May SAMEKS composite PMI rose by 11.8 points

Cover chart:  SAMEKS composite Index in Turkish

In May 2020, seasonally and calendar adjusted SAMEKS Composite PMI Index increased by 11.8 points to 45.7 compared to the previous month. SAMEKS, or sometimes referred to as PUMAKS, is compiled by center-right business organization MUSIAD and has the advantage of including Turkey’s large service industry. The HIS Markit-Istanbul Chamber of Industry PMI covers only manufacturing.

While the increase in the industry index reached 19.7 points to 47.9  in May compared to the previous month, the service sector index increased by only 7.0 points to 43.9.

MUSIAD commented on SAMEKS results as follows:  

A rapid expansion in input purchases were observed  in both sectors. Accordingly, production in the industry sector and business volume in the service sector have accelerated significantly. With these positive developments, the Index rapidly moved away the worst level in its history observed in April.
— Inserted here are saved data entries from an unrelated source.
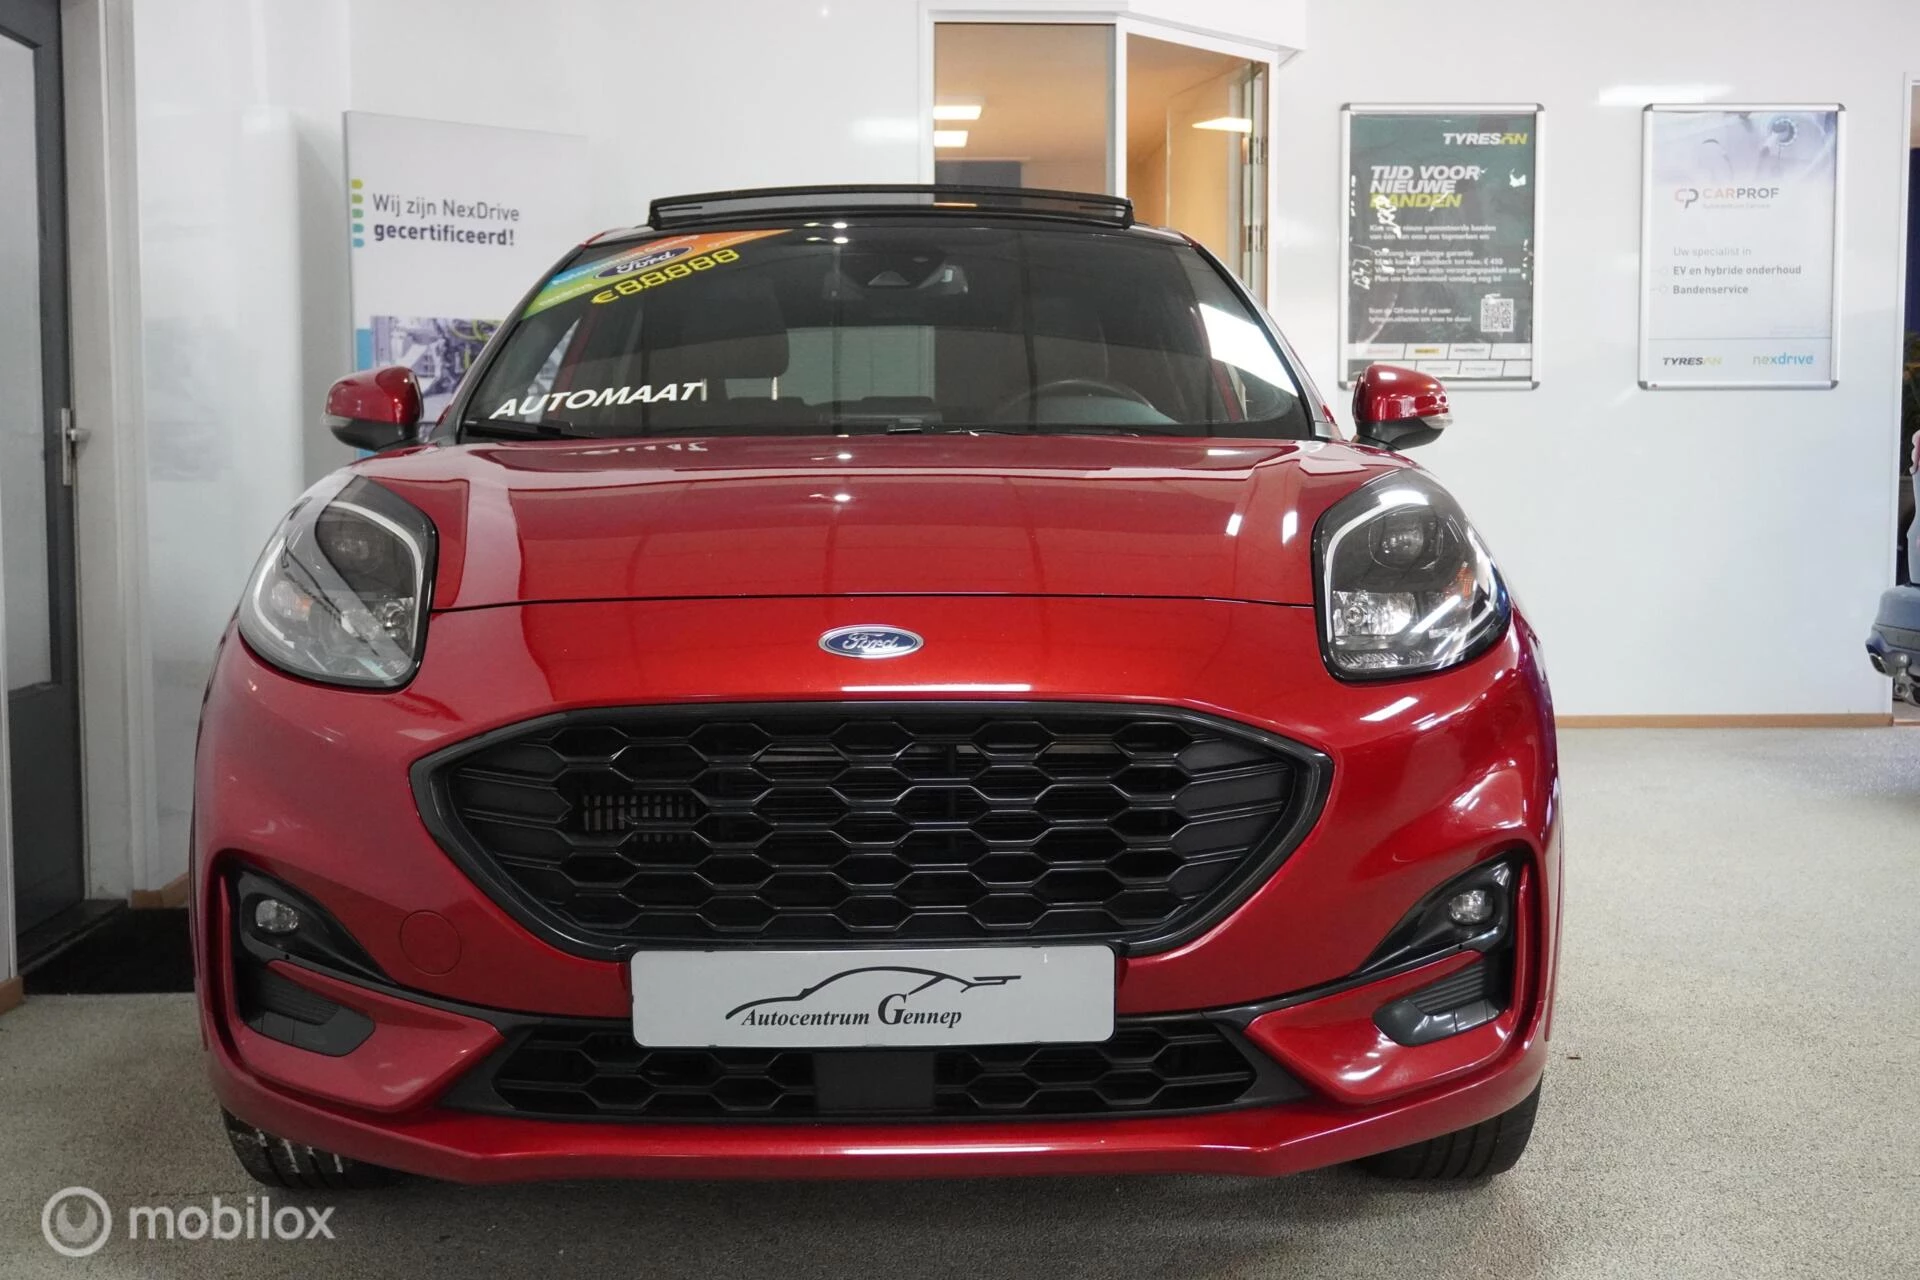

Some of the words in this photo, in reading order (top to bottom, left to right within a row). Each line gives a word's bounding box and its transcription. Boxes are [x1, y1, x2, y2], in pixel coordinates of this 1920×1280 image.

[1420, 165, 1480, 180] VOOR
[1370, 180, 1457, 193] NIEUWE
[1702, 187, 1780, 199] CARPROF
[372, 193, 400, 218] Wij
[406, 196, 437, 219] zijn
[443, 199, 520, 221] NexDrive
[374, 223, 514, 246] gecertificeerd!
[1692, 246, 1740, 258] specialist
[616, 250, 675, 273] Ford
[1673, 266, 1687, 275] EV
[1689, 267, 1702, 275] en
[1704, 265, 1743, 277] hybride
[1746, 265, 1802, 275] onderhoud
[1673, 284, 1749, 295] Bandenservice
[1752, 352, 1815, 365] nexdrive
[489, 382, 702, 420] AUTOMAAT
[842, 632, 900, 650] Ford
[741, 1008, 870, 1027] Autocentrum
[877, 993, 962, 1029] Gennep
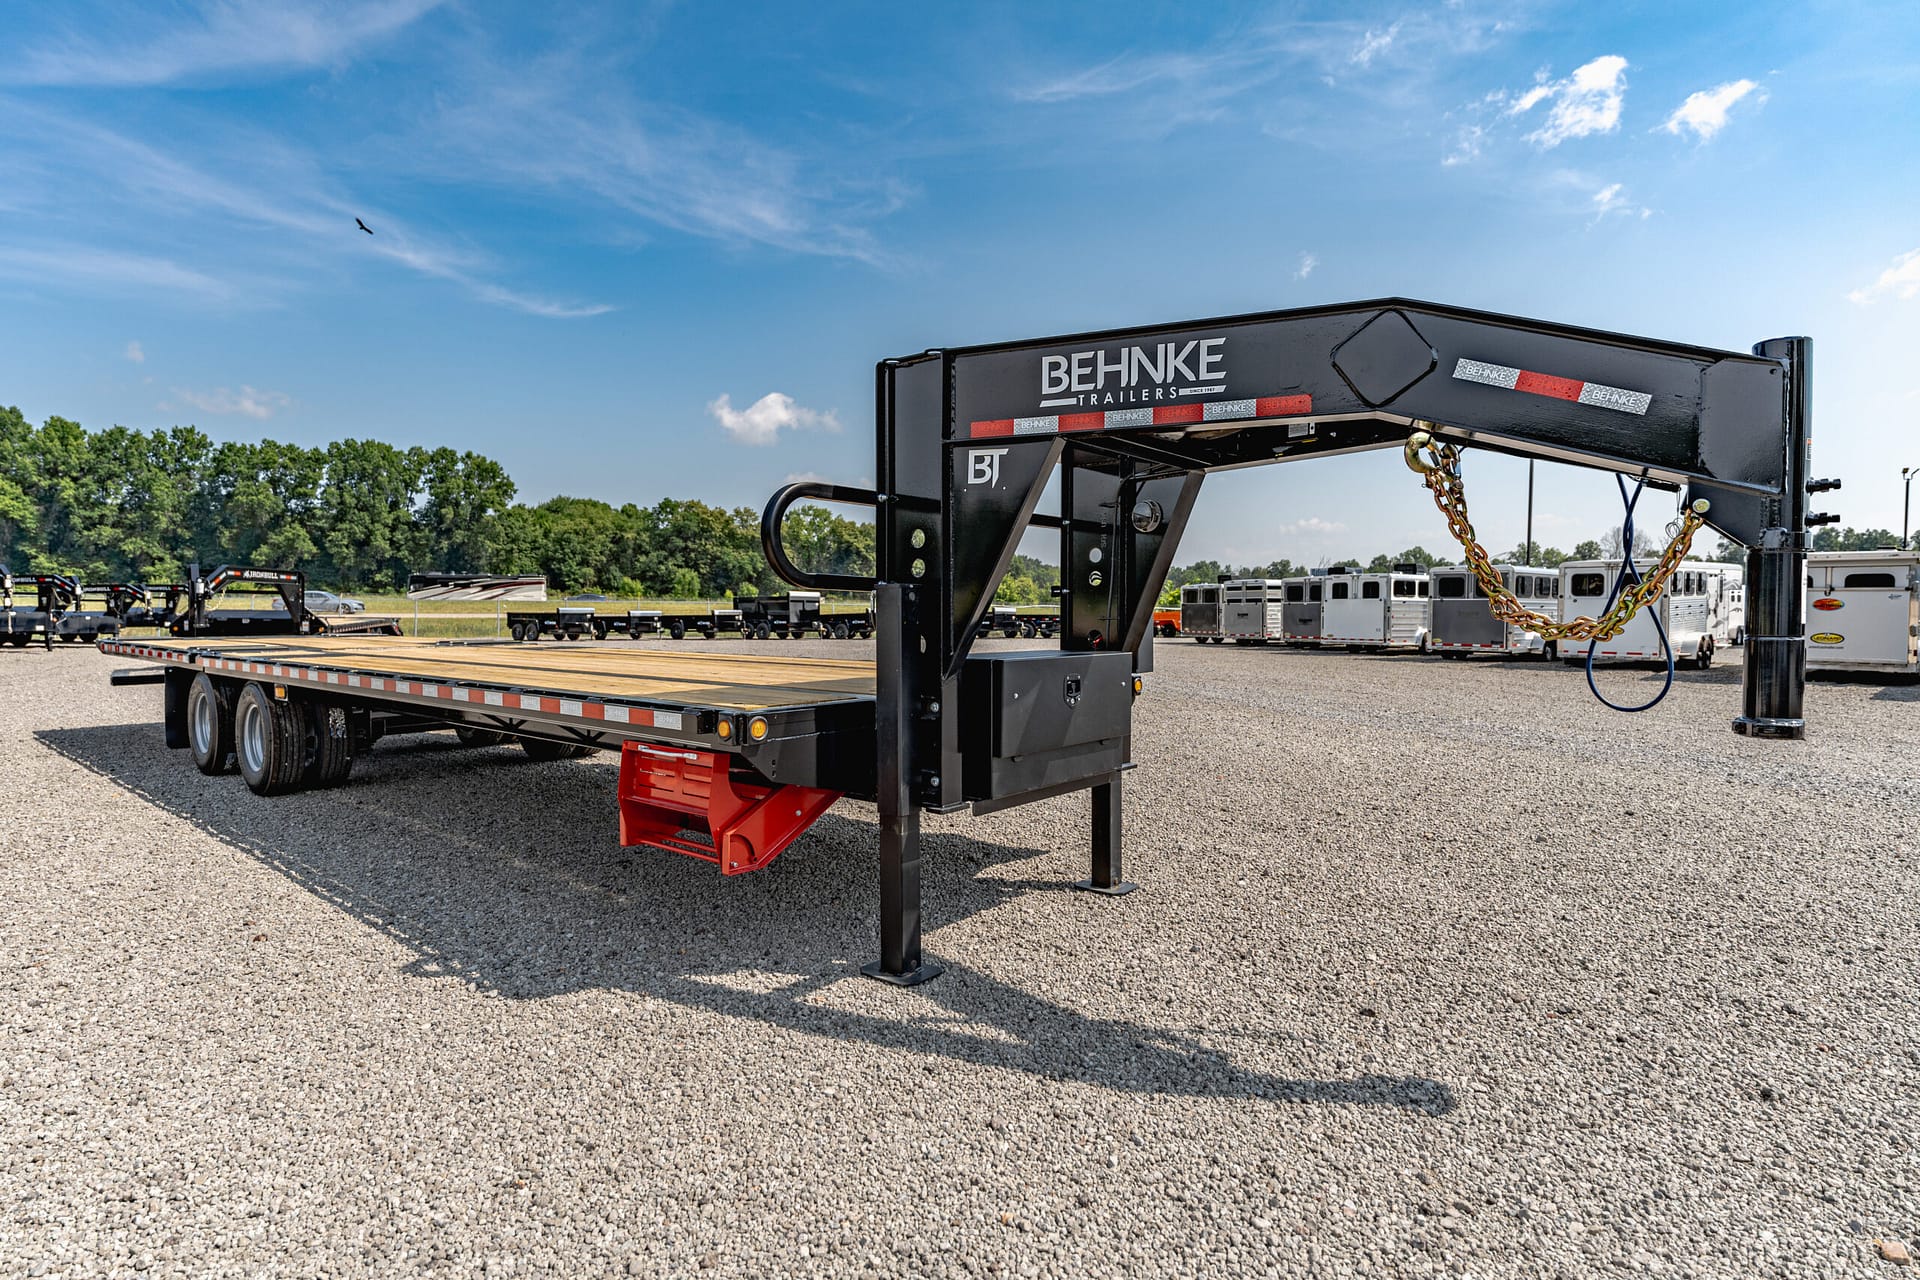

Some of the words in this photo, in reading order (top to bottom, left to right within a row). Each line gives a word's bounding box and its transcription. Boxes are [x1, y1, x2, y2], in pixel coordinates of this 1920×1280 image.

[1041, 337, 1227, 395] BEHNKE
[1466, 365, 1507, 381] BEHNKE
[1078, 386, 1177, 407] TRAILERS
[1592, 390, 1635, 406] BEHNKE
[1021, 419, 1050, 429] BEHNKE
[1113, 412, 1145, 421] BEHNKE
[1212, 403, 1246, 414] BEHNKE
[968, 448, 1009, 489] BT
[250, 570, 278, 579] IRONBULL
On the other hand, the SAMEKS Composite Index, which signaled that the recovery process in the real sector gained momentum by increasing 11.8 points compared to the previous month, continued to remain  below 50 reference value in May, which indicates that the shrinkage in economic activity which started in March continued.

Industry Sector SAMEKS Index

The seasonally and calendar adjusted SAMEKS Industry Sector Index increased by 19.7 points in May to reach 47.9. In this period, new orders rose by 27.6 points to 47.2 compared to the previous month, which drove the recovery observed in the industrial sector. Additionally, input purchases for the sector gained momentum by 23.2 points compared to the previous month, reaching 52.0. In this period, the decline in the final goods stocks for the sector also slowed down, with the sub-index,  increasing by 8.0 points compared to the previous month, to 44.2. In May, a relative recovery was observed in the labor demands of firms operating in the industrial sector, and the sub-index in question increased by 3.9 points compared to the previous month and reached 43.3. Due to these developments, the production sub-index increased by 27.7 points compared to the previous month to 45.8. Thus, the SAMEKS Industry Sector Index, adjusted for season and calendar effects, increased by 19.7 points compared to the previous month, indicating a substantial recovery is in progress.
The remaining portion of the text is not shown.